MATERIAL FOR THIS EXERCISE =>
━━━━━━━━━━━━━━━━━━━━
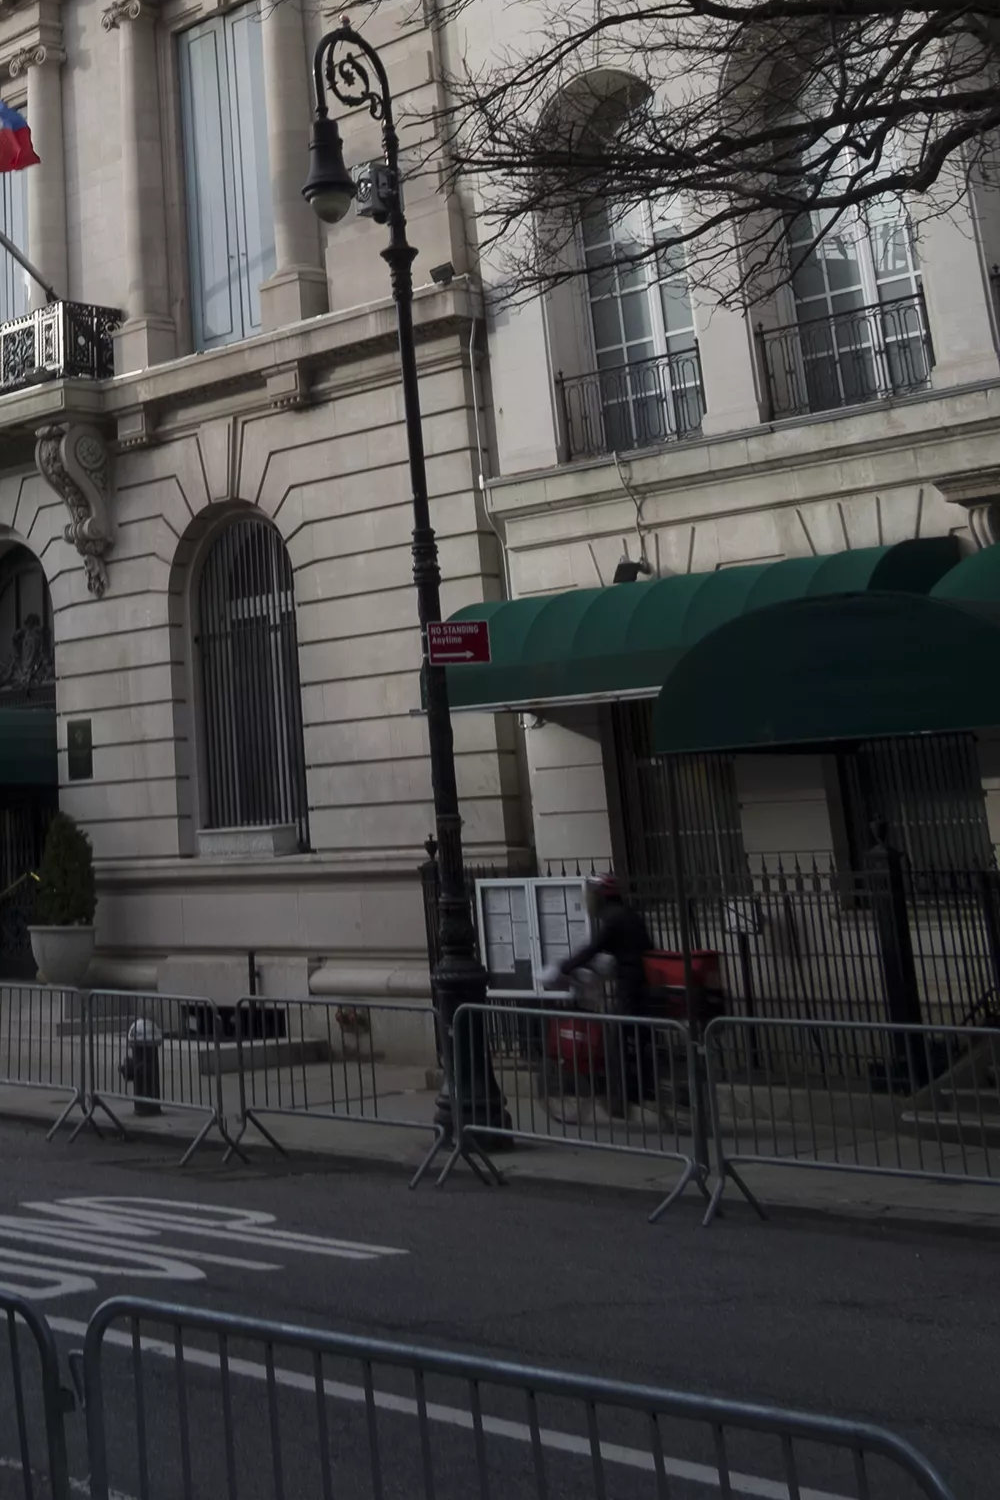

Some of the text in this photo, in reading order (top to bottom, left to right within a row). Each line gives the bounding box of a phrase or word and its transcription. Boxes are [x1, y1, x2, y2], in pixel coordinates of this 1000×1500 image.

[431, 625, 479, 635] NO STANDING
[432, 636, 462, 646] Anytime
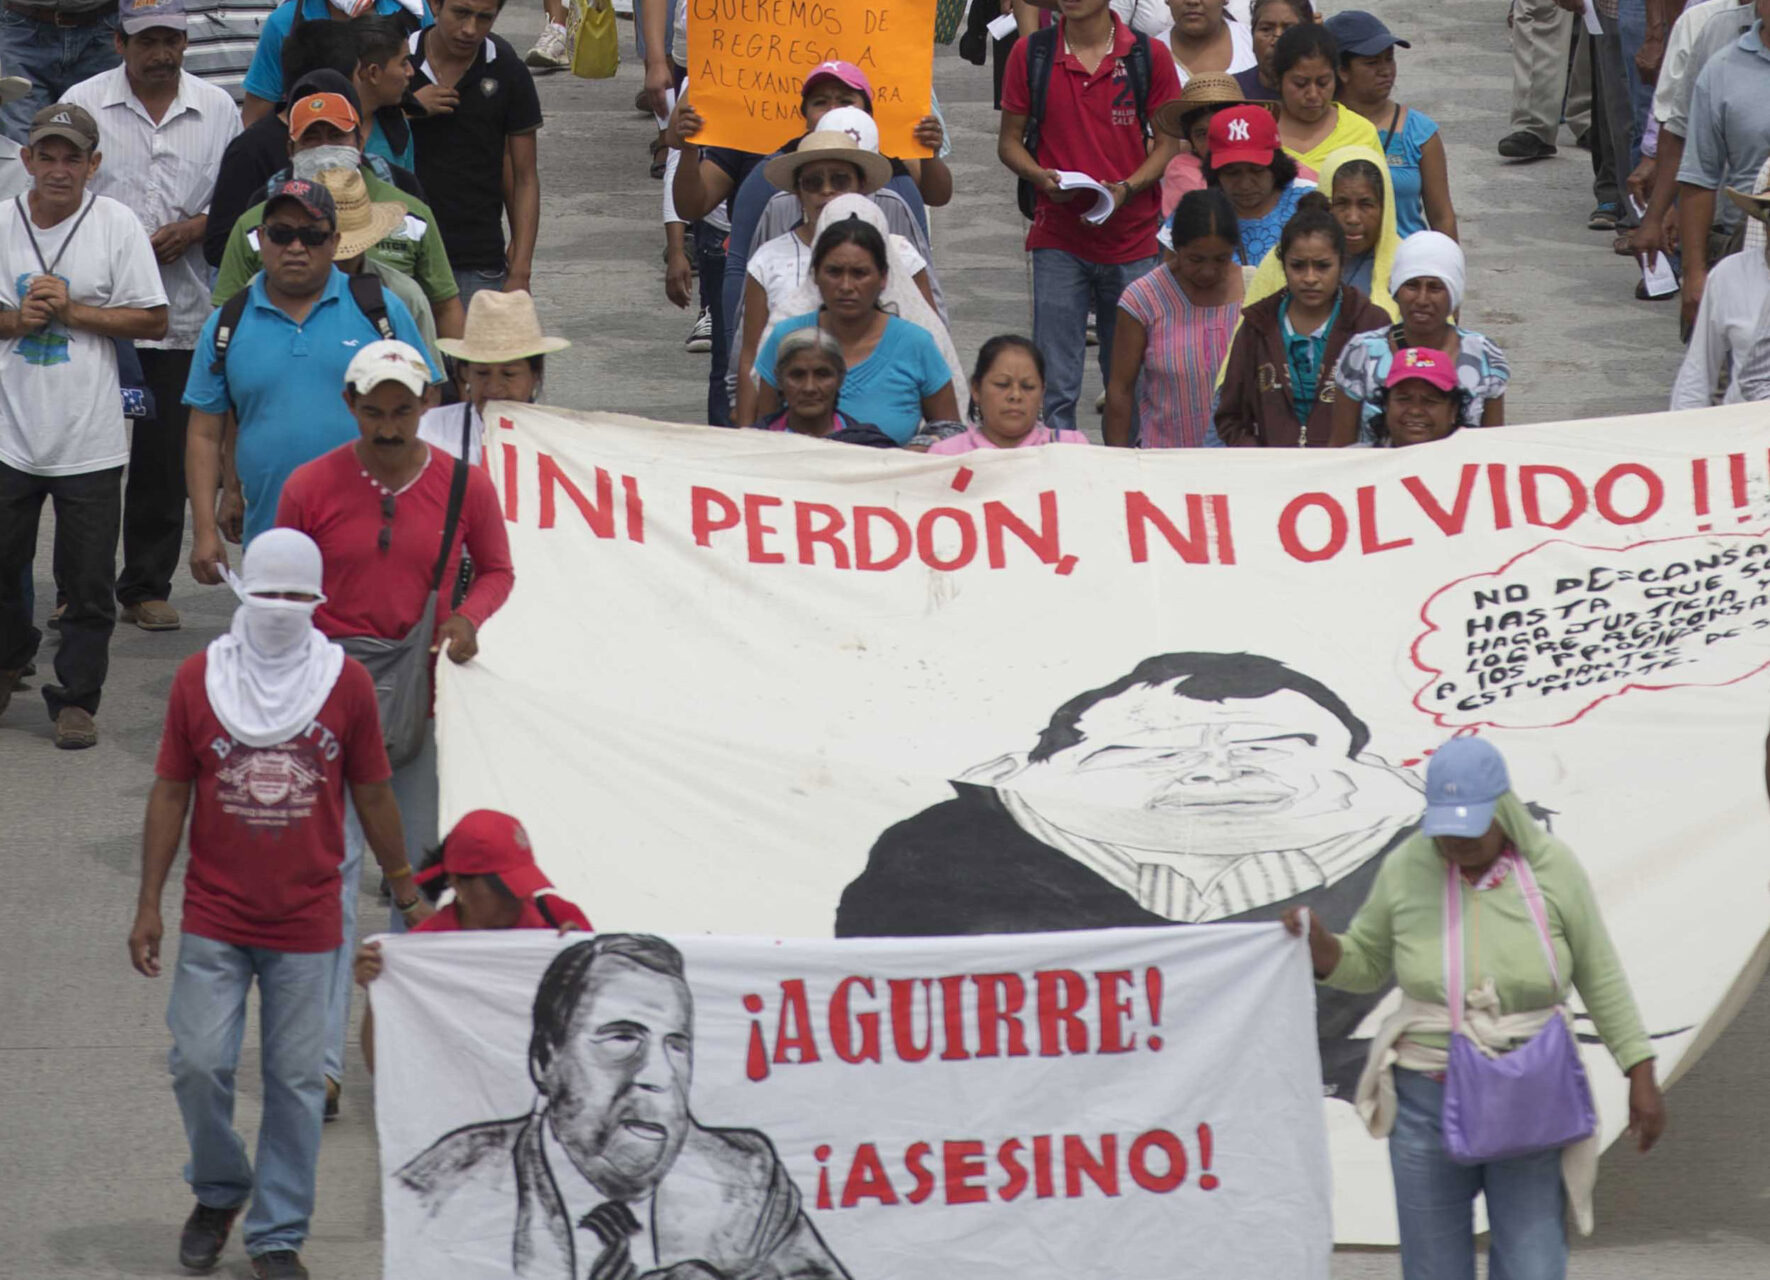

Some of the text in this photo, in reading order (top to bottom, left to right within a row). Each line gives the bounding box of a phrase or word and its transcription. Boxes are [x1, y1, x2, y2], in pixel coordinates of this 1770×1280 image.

[864, 9, 890, 35] DE
[856, 45, 878, 69] A
[1124, 490, 1237, 566] NI
[1466, 597, 1612, 638] HASTA
[1643, 574, 1723, 599] QUE
[1473, 583, 1529, 610] NO
[742, 965, 1163, 1083] ¡AGUIRRE!
[813, 1121, 1221, 1211] ¡ASESINO!
━━━━━━━━━━━━━━━━━━━━
If an entry holds an image, omit that image and print the remainder exactly as it stands.

Some of the text in this photo, in reading order (top to bottom, left to right within a row). Each line gives the bounding box of a phrase or word and its transcription. Boxes are [x1, y1, x2, y2], in pixel coordinates of this 1000×1500 image.

[431, 625, 479, 635] NO STANDING
[432, 636, 462, 646] Anytime

Some of the text in this photo, in reading order (top to bottom, left to right within a row). Each line gives the bounding box of a phrase or word and its transcription. Boxes are [x1, y1, x2, y2], in pixel coordinates of this 1770×1280 image.

[864, 9, 890, 35] DE
[856, 45, 878, 69] A
[1124, 490, 1237, 566] NI
[1466, 597, 1612, 638] HASTA
[1643, 574, 1723, 599] QUE
[1473, 583, 1529, 610] NO
[742, 965, 1163, 1083] ¡AGUIRRE!
[813, 1121, 1221, 1211] ¡ASESINO!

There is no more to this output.